A second threefold division of analogy arose from reflection on the relationship between equivocal and analogical terms. Analogical terms were said to be intermediaries between equivocal and univocal terms, and the standard view was that analogical terms were intermediary between chance equivocals and univocals, and hence that they were to be identified with deliberate equivocals. The notion of an intermediary term, however, is open to more than one interpretation, and some authors went further in suggesting that at least some analogical terms were intermediary between univocals and deliberate equivocals, so that they were not equivocal in any of the normal senses at all. Towards the end of the thirteenth century, an anonymous commentator on the Sophistical Refutations gives the following classification. First, there are analogical terms which are univocal in a broad sense of ‘univocal’. Here reference was made to genus terms such as ‘animal’. Human beings and donkeys participate equally in the common nature animal, but are not themselves equal, since human beings are more perfect than donkeys. This type of analogy was routinely discussed in response to a remark Aristotle had made in Physics VII (249a22–25) which, in Latin translation, asserted that many equivocations are hidden in a genus. Medieval logicians felt obliged to fit this claim into the framework of equivocation and analogy, even if the consensus was that in the end the use of genus terms was univocal. Second, there are those analogical terms such as ‘being’ (ens) which are not equivocal, because only one concept or nature (ratio) seems to be involved, and which are not univocal either, because things participate this one ratio unequally, in a prior and a posterior way. It is these terms which are the genuine intermediaries. Third, there are those analogical terms which are deliberate equivocals, because there are two concepts or natures (rationes) which are participated in a prior and a posterior way. The example here was ‘healthy’. This second threefold division was much discussed.

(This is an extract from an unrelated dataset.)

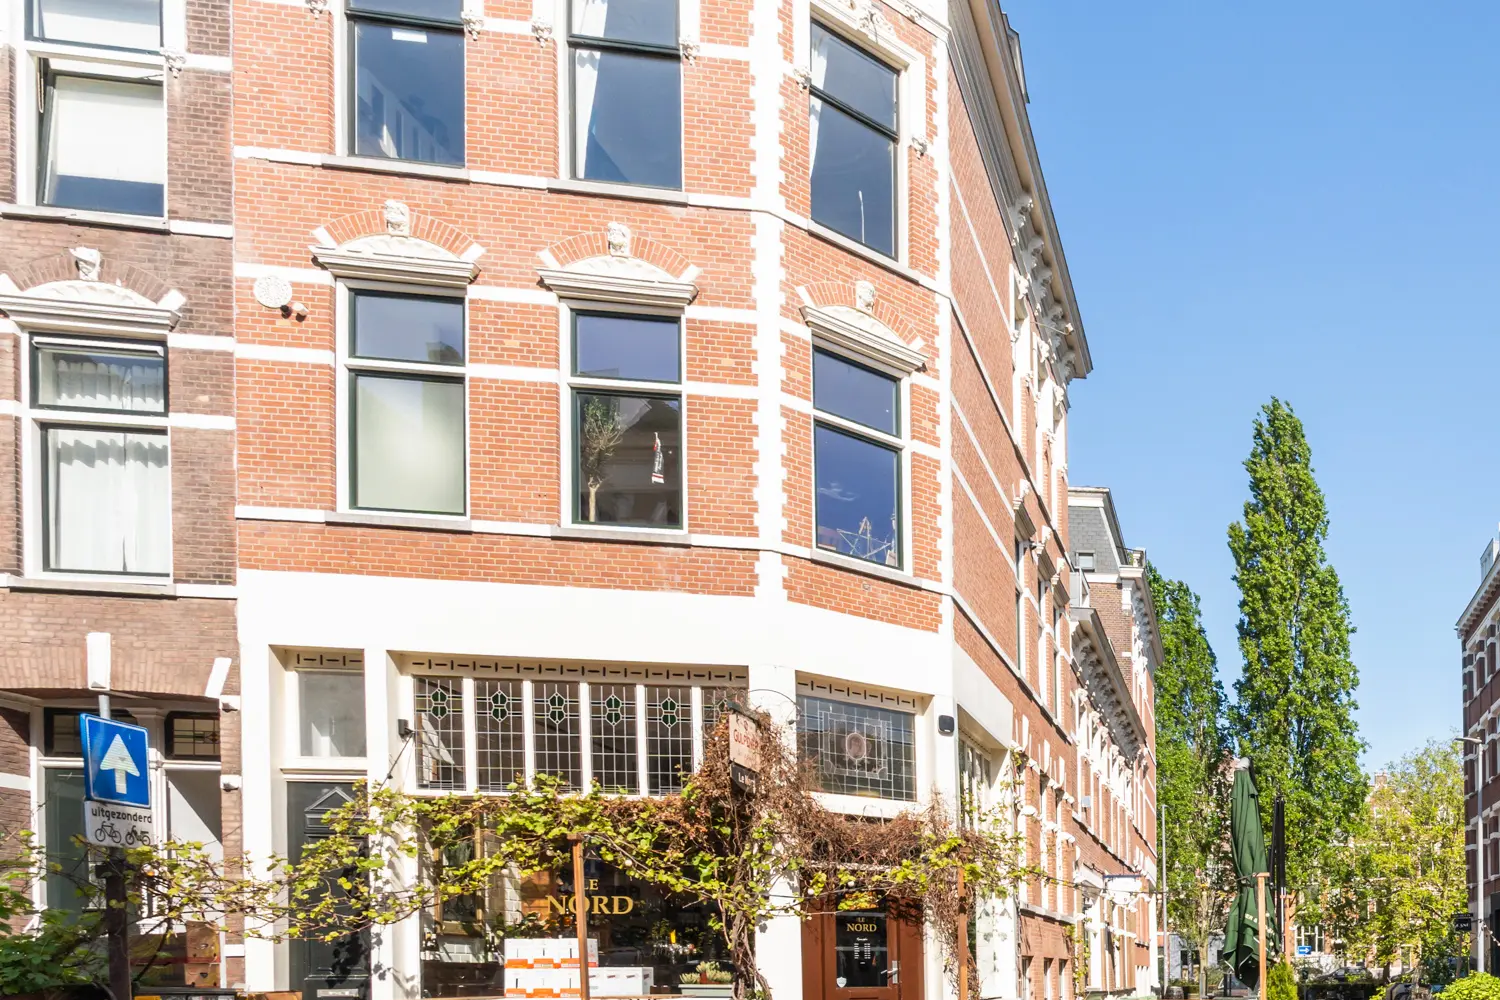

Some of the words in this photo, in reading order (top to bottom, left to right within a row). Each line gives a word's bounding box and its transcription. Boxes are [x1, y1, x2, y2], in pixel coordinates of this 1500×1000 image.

[91, 808, 152, 823] uitgezonderd
[545, 895, 634, 915] NORD
[847, 923, 877, 932] NORD

Duns Scotus bitterly criticized it in his earlier logical writings. Walter Burley claimed that both the first and the second kinds of analogical term could properly be regarded as univocal in a wide sense. The division was popular in the fifteenth century with such Thomists as Capreolus, who realized its closeness to the account given by Aquinas in his Sentences commentary.
6. Thomas Aquinas
Despite the vast modern literature devoted to Aquinas’s theory of analogy, he has very little to say about analogy as such. He uses a general division into equivocal, univocal, and analogical uses of terms, and he presents both of the threefold divisions of analogy mentioned in the previous section, but he offers no prolonged discussion, and he writes as if he is simply using the divisions, definitions, and examples with which everyone is familiar. His importance lies in the way he used this standard material to present an account of the divine names, or how it is we can meaningfully use such words as ‘good’ and ‘wise’ of God.
The background to this account has to be understood in terms of Aquinas’s theology and metaphysics. Three doctrines are particularly important. First, there is the distinction between being existent, good, wise, and so on, essentially, and being existent, good, wise, and so on, by participation. God is whatever he is essentially, and as a result he is existence itself, goodness itself, wisdom itself. Creatures are existent, good, wise, only by sharing in God’s existence, goodness, and wisdom, and this sharing has three features. It involves a separation between the creature and what the creature has; it involves a deficient similarity to God; and it is based on a causal relation. What is essentially existent or good is the cause of what has existence or goodness by participation. Second, there is the general doctrine of causality according to which every agent produces something like itself. Agent causality and similarity cannot be separated. Third, there is Aquinas’s belief that we are indeed entitled to claim that God is existent, good, wise, and so on, even though we cannot know his essence.
Against this background, Aquinas asks how we are to interpret the divine names. He argues that they cannot be purely equivocal, for we could not then make intelligible claims about God. Nor can they be purely univocal, for God’s manner of existence and his relationship to his properties are sufficiently different from ours that the words must be used in somewhat different senses. Hence, the words we use of God must be analogical, used in different but related senses. To be more precise, it seems that such words as ‘good’ and ‘wise’ must involve a relationship to one prior reality, and they must be predicated in a prior and a posterior sense, for these are the marks of analogical terms.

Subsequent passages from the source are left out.